Fotografieren ohne Blitz

So gut wie alle meine Bilder entstehen bei 100% Tageslicht. Ich setze Blitze wirklich nur sehr sehr selten ein, es sei denn, man bucht bei mir ein Shooting im Fotostudio. Gut, da wird natürlich geblitzt. 🙂 Mir gefällt natürliches Licht für Kinder und Babies persönlich am besten. Und warum muss man künstliches Licht anwenden, wenn es auch anders geht?

Neugeborene schlafen meistens auf Bildern, dennoch haben sie auch mal wache Momente und ich finde es nicht schön, wenn man mit einem 500 Watt Blitzkopf direkt in die noch sehr empfindliche Netzhaut blitzt. Auch, wenn es nachweislich nicht schädlich ist. Muss das wirklich sein?  Ich finde nicht.

Die wenigsten Eltern machen sich darüber Gedanken, für die meisten ist es normal, dass man beim Fotografen angeblitzt wird. Wenn die Babies älter werden, reagieren teilweise scheue Babies ängstlich bei den großen Softboxen. Ich hatte vor Kurzem biometrische Passbilder für eine Freundin erstellt und musste hierfür meinen großen Blitz aus dem Keller holen. Meine 1-jährige  Tochter ist in Panik verfallen. Ich hätte sie niemals in diesem Moment mit dem Blitz fotografieren können. Es wären keine schönen Bilder entstanden. Muss das sein? Nein!

Kinder sind unberechenbar und man kann einfach nicht einschätzen, wie sie in neuen Situationen und auf unbekannte Gegenstände reagieren. Ich arbeite ganz bewusst in einem kleinen familiären Rahmen und nicht in einem kühlen Fotostudio. Meine Erfahrung ist es, dass meine kleinen Models schnell warm werden und merken, dass es bei mir fast wie bei ihnen zu Hause ist. Es steht kein großes auffälliges Fotoequipment herum und es gibt viel Spielzeug.
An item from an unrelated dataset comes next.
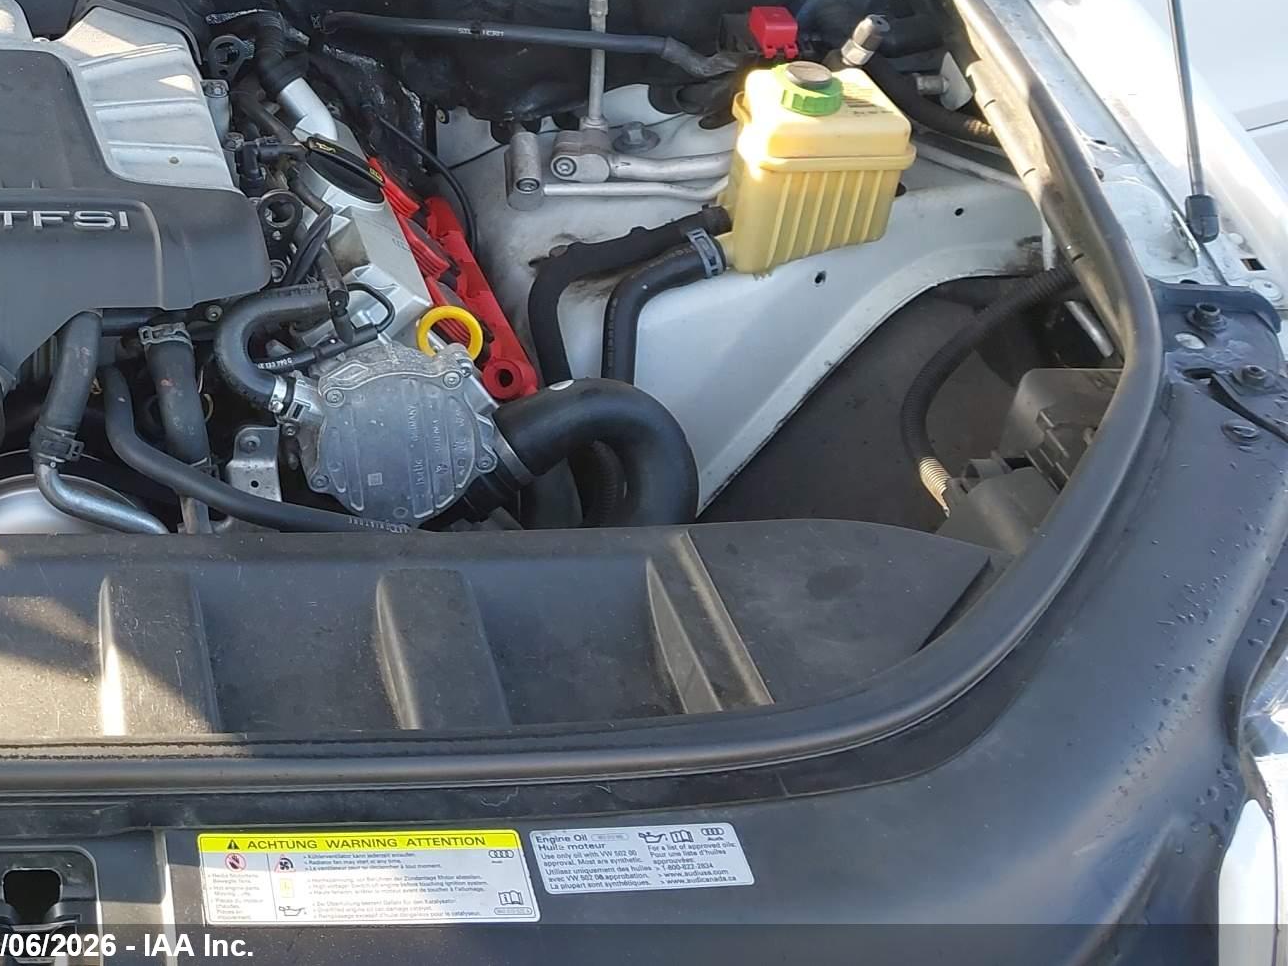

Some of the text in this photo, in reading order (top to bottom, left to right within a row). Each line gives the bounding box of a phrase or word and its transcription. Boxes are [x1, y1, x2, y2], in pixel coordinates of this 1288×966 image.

[247, 836, 486, 850] ACHTUNG WARNING ATTENTION
[536, 835, 570, 845] Engine
[573, 833, 588, 842] Oil
[688, 842, 721, 851] approved
Dank meiner hochwertigen Fotokamera und entsprechender Objektive ist es mir möglich, das Umgebungslicht für die Fotos einzufangen und natürliche Fotos ganz ohne Blitz zu zaubern. Der große Vorteil bei meiner Technik ist, dass keine Technik notwendig ist 🙂 So ist es auch kein Problem, mich für Fotoshootings bei Ihnen zu Hause zu buchen, sollten die Voraussetzungen, die ich brauche, natürlich zutreffen. In meinen FAQs habe ich hierzu ein bisschen was zusammen geschrieben.

Viele Fotografen haben Respekt vor Available Light Fotografie – so nennt sich das Fotografieren mit dem Umgebungslicht. Wenn man die Fotografie verstanden hat und weiß, wie Licht funktioniert, braucht man hier aber keine Scheu zu haben. Ich verstehe, dass manche die Arbeit mit Blitz einfacher finden, da es stets das gleiche Licht ist und man sich nicht auf Sonne, Wolken und unterschiedlichen Lichttemperaturen in den Jahreszeiten einstellen muss. Ich habe auch viele Jahre mit Studiolicht gearbeitet und tue dies immer noch, wenn ich keine Babies oder Kinder fotografiere, sondern anderen Fotoprojekten nachgehe.

Ich bleibe aber dabei, dass für mich Babies und Blitz nicht zusammen gehören. Es ist meine Überzeugung und auch deswegen finden viele den Weg zu mir. Ich möchte nicht ausschließen, dass ich in schwierigen unüberwindbaren Lichtsituationen auch mal den Blitz zum Einsatz bringe, ich bemühe mich aber stets, dies nicht zu tun.

Denn wie man auf den Bildern hier erkennen kann – man braucht keinen Blitz. Ich habe auf keinem dieser Bilder geblitzt, sondern habe nur das Umgebungslicht verwendet, welches gerade da war.

Vielleicht habe ich den einen oder anderen mit meinem Beitrag zum Nachdenken bewegt. Es kommt nicht immer nur auf das Bildergebnis an, sondern auch, WIE man zu dem Bild gekommen ist. Es geht schließlich um den eigenen wertvollsten Schatz und man möchte auch, dass sich dieser auch während des Shootings pudelwohl fühlt.